Line for line, the listing below is to be transcribed exactly.

**The input**

_ _ _ _ _ _ _

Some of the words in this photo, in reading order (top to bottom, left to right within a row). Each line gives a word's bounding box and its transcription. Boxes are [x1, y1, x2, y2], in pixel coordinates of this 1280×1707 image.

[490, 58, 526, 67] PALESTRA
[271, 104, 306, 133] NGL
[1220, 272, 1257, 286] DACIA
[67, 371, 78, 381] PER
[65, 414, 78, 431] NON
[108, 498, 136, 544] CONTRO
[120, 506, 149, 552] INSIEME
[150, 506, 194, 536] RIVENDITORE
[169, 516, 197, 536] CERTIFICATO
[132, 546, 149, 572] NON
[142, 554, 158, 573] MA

_ _ _ _ _ _ _

**Answer to the problem**
Some of the words in this photo, in reading order (top to bottom, left to right within a row). Each line gives a word's bounding box and its transcription. Boxes are [x1, y1, x2, y2], in pixel coordinates of this 1280×1707 image.

[490, 58, 526, 67] PALESTRA
[271, 104, 306, 133] NGL
[1220, 272, 1257, 286] DACIA
[67, 371, 78, 381] PER
[65, 414, 78, 431] NON
[108, 498, 136, 544] CONTRO
[120, 506, 149, 552] INSIEME
[150, 506, 194, 536] RIVENDITORE
[169, 516, 197, 536] CERTIFICATO
[132, 546, 149, 572] NON
[142, 554, 158, 573] MA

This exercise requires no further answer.